■ Task ■
Transcribe the listing exactly, skipping every picture.
━━━ Source material
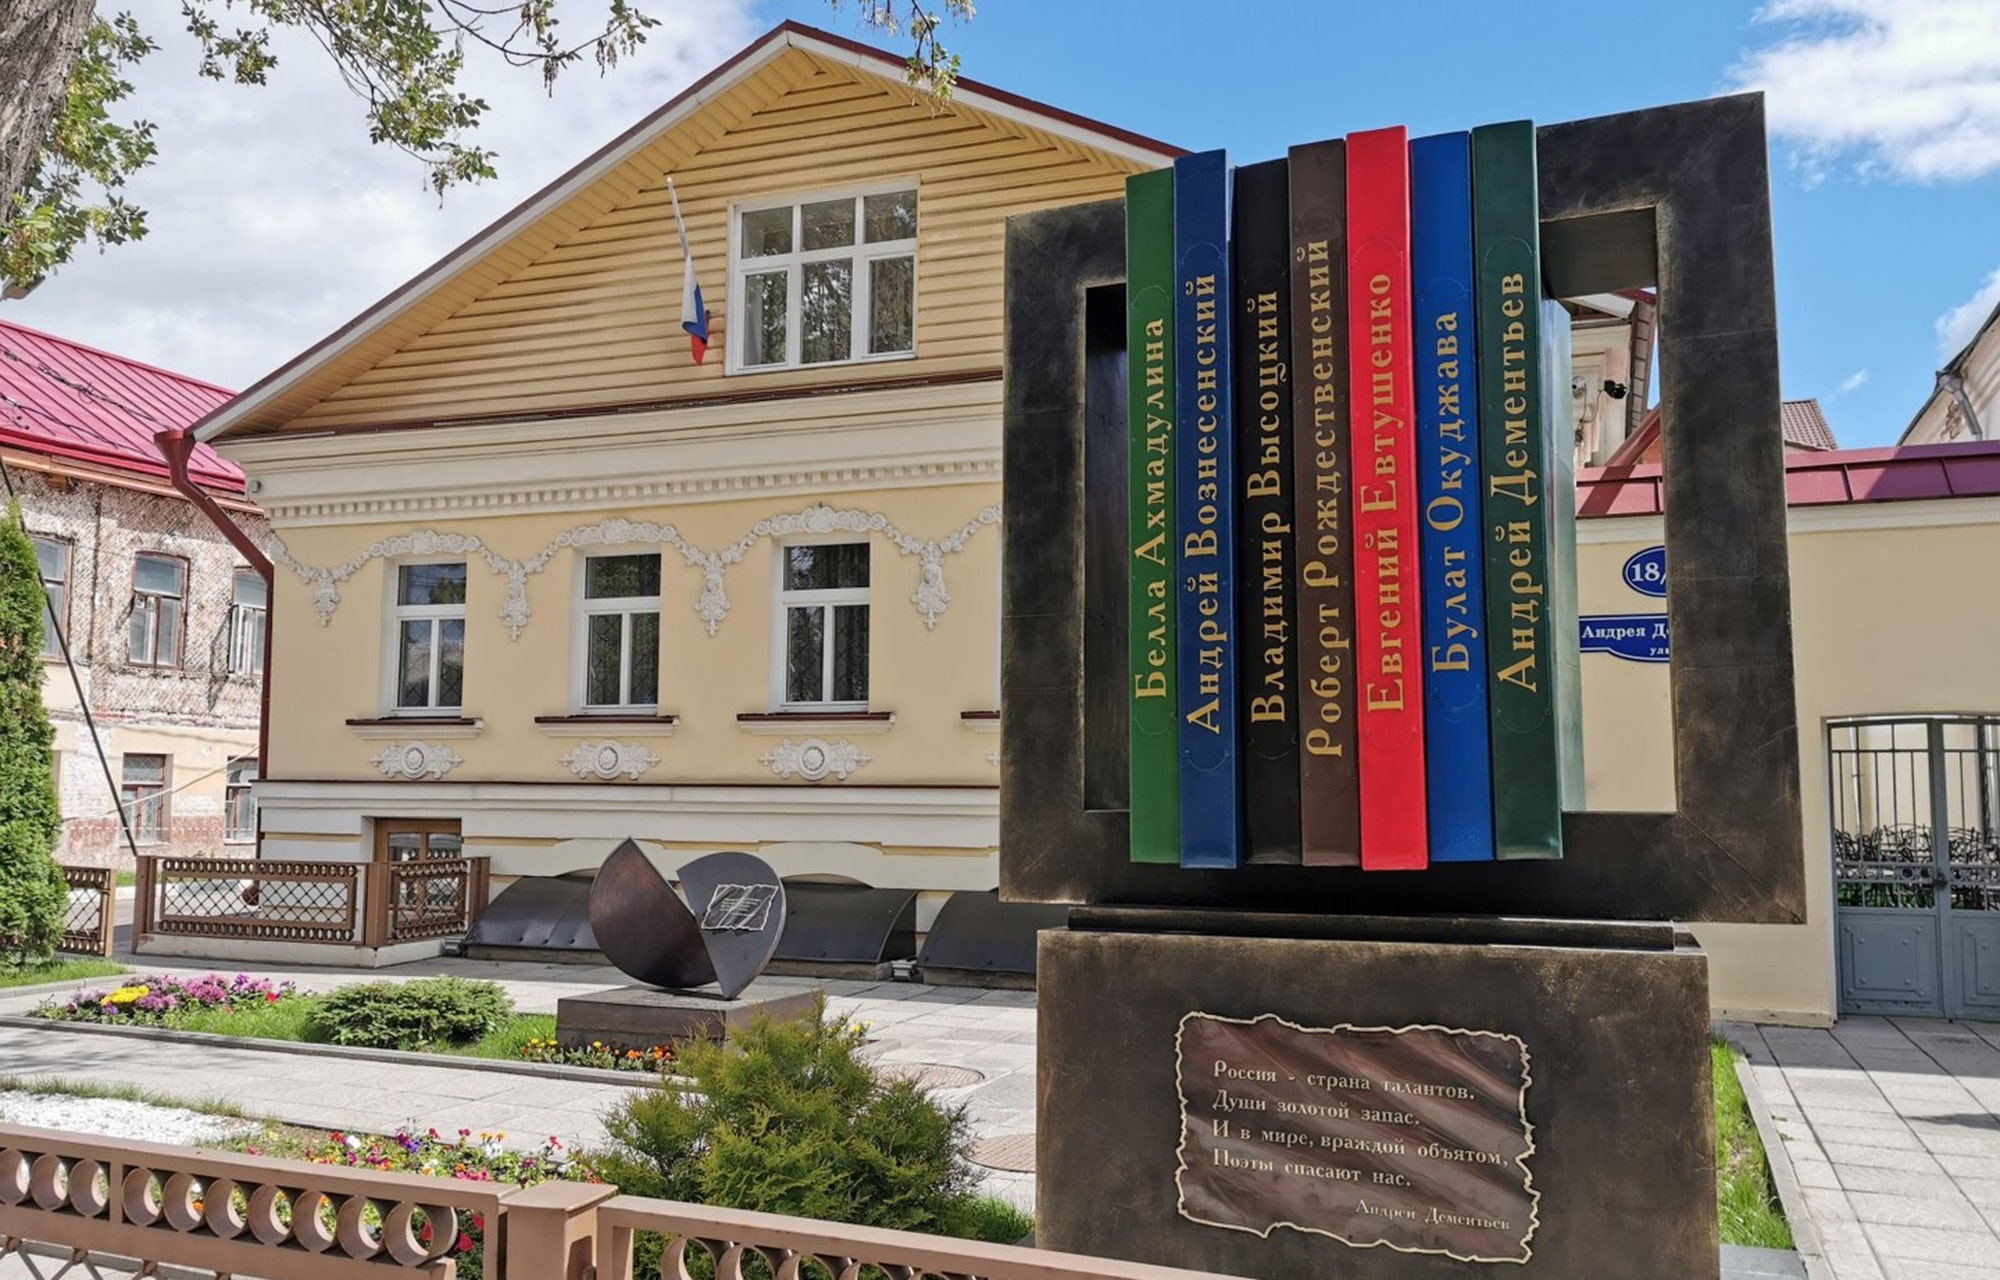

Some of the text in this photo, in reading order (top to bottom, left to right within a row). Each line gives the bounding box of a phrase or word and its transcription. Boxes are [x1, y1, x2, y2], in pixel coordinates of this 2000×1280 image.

[1134, 318, 1172, 699] Белла Ахмадулина
[1184, 273, 1228, 734] Андрей Вознесенский
[1247, 291, 1291, 723] Владимир Высоцкий
[1296, 239, 1350, 758] Роберт Рождественский
[1360, 273, 1405, 712] Евгений Евтушенко
[1426, 311, 1478, 672] Булат Окуджава
[1491, 273, 1544, 693] Андрей Дементьев
[1581, 625, 1646, 640] Андрея
[1212, 1090, 1420, 1126] Души золотой запас.
[1213, 1119, 1509, 1168] И в мире, враждой объятом,
[1213, 1148, 1412, 1187] Поэты спасают нас.
[1214, 1060, 1277, 1083] Россия
[1307, 1075, 1371, 1091] страна
[1382, 1080, 1475, 1100] талантов.
[1355, 1199, 1510, 1230] Андрей Дементьев
━━━━━━
■ Response to this exercise ■
Some of the text in this photo, in reading order (top to bottom, left to right within a row). Each line gives the bounding box of a phrase or word and its transcription. Boxes are [x1, y1, x2, y2], in pixel coordinates of this 2000×1280 image.

[1134, 318, 1172, 699] Белла Ахмадулина
[1184, 273, 1228, 734] Андрей Вознесенский
[1247, 291, 1291, 723] Владимир Высоцкий
[1296, 239, 1350, 758] Роберт Рождественский
[1360, 273, 1405, 712] Евгений Евтушенко
[1426, 311, 1478, 672] Булат Окуджава
[1491, 273, 1544, 693] Андрей Дементьев
[1581, 625, 1646, 640] Андрея
[1212, 1090, 1420, 1126] Души золотой запас.
[1213, 1119, 1509, 1168] И в мире, враждой объятом,
[1213, 1148, 1412, 1187] Поэты спасают нас.
[1214, 1060, 1277, 1083] Россия
[1307, 1075, 1371, 1091] страна
[1382, 1080, 1475, 1100] талантов.
[1355, 1199, 1510, 1230] Андрей Дементьев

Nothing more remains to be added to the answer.